Chocolate Sourdough Ice Cream

Creamy chocolate sourdough ice cream scooped into a bowl with dark chocolate shavings on top Pin it
Creamy chocolate sourdough ice cream scooped into a bowl with dark chocolate shavings on top | cookible.com

This velvety chocolate ice cream combines the deep, intense flavors of dark chocolate and cocoa with the subtle tang of sourdough starter. The result is a uniquely complex dessert that balances sweetness with a pleasant, fermented brightness.

The preparation involves creating a traditional custard base with egg yolks and cream, then infusing it with quality dark chocolate. The sourdough starter adds both depth of flavor and a surprisingly smooth texture that sets this frozen treat apart from ordinary chocolate varieties.

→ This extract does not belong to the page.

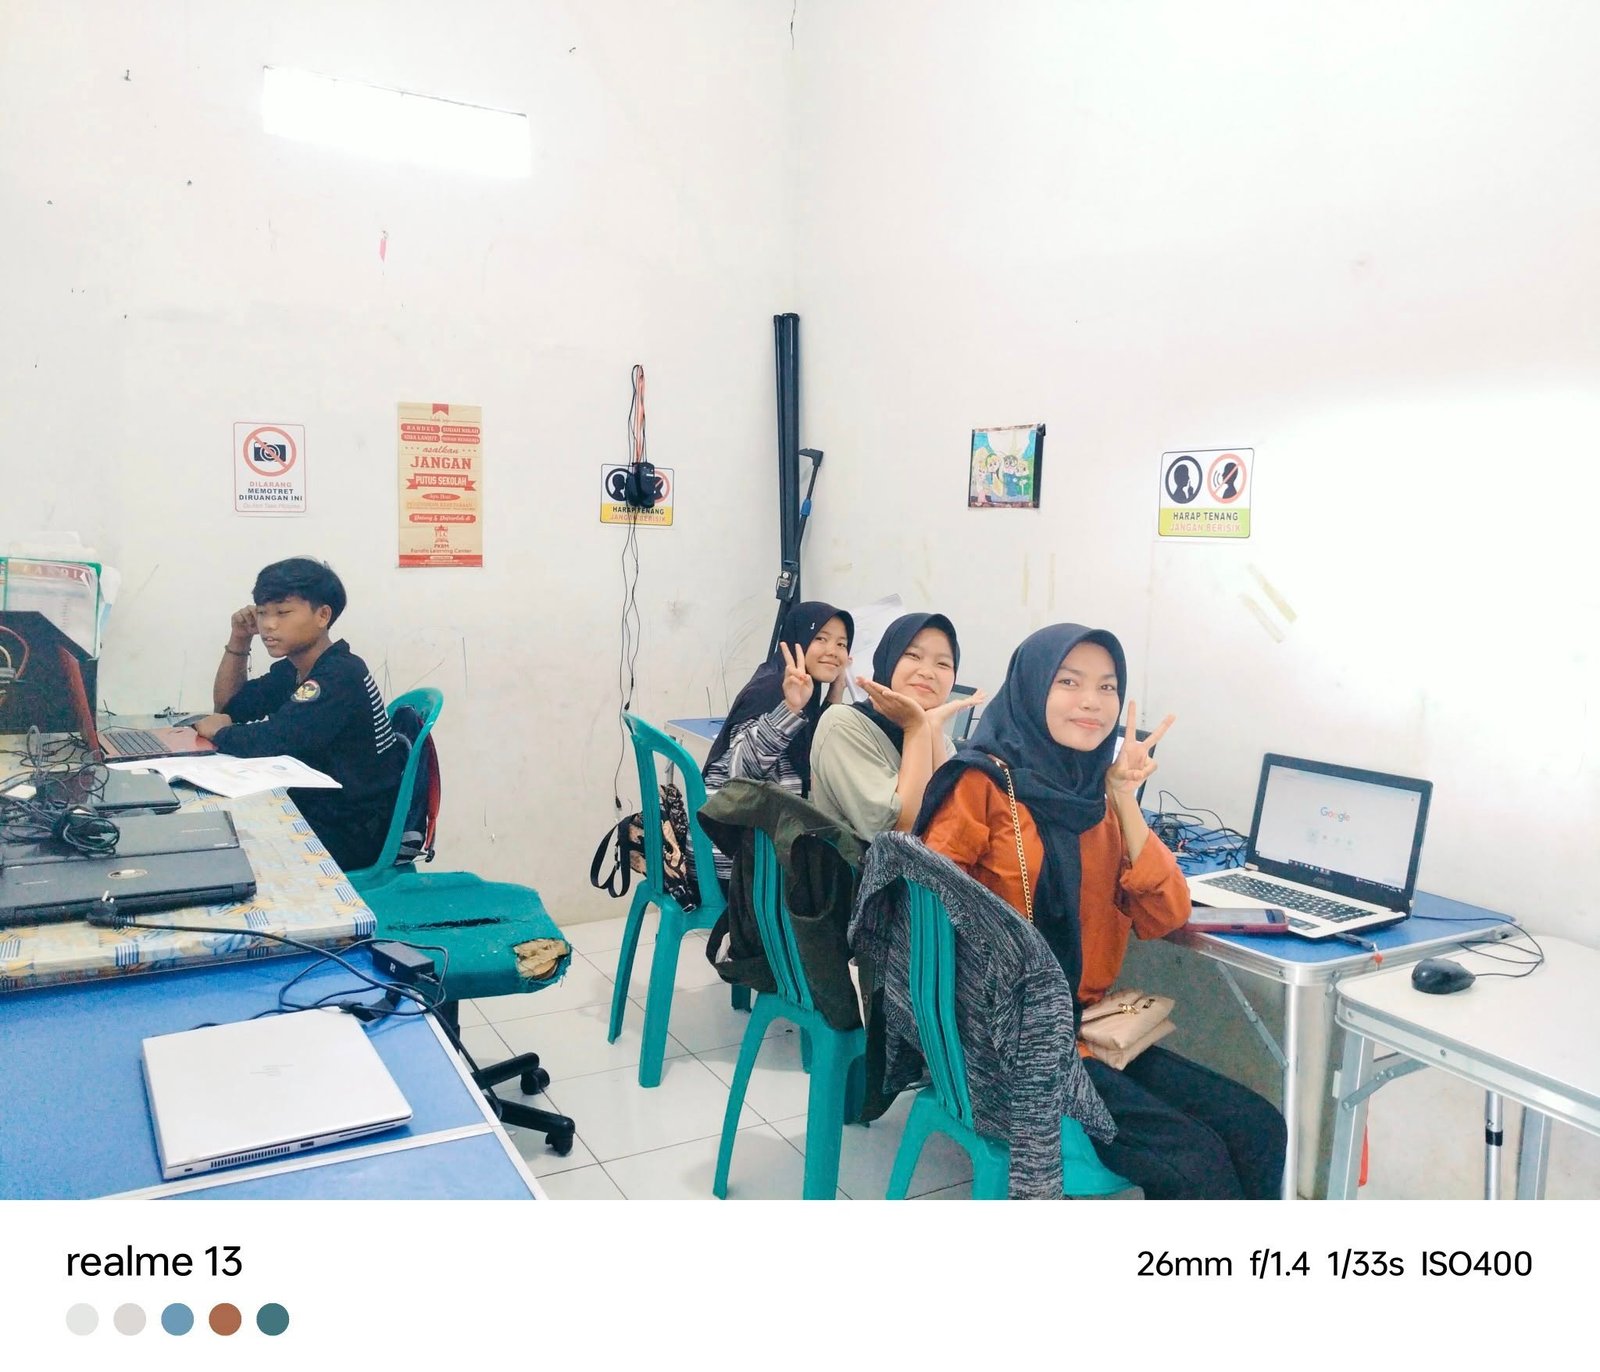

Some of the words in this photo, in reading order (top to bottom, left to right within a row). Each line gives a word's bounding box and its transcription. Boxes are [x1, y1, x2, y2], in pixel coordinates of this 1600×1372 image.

Perfect for those who enjoy exploring unexpected flavor combinations, this dessert shines when served with fresh berries or a finishing sprinkle of sea salt to enhance the chocolate notes.

The summer my sourdough starter got completely out of control, I had discard piling up in mason jars like a science experiment gone rogue, and that is honestly how this ice cream was born. I stirred some into a chocolate custard on a whim, fully expecting disaster, and instead got this velvety, tangy frozen thing that tasted like brownie batter met frozen yogurt in the best possible way. My kitchen smelled like a bakery had collided with a chocolate shop, and I have been chasing that moment ever since.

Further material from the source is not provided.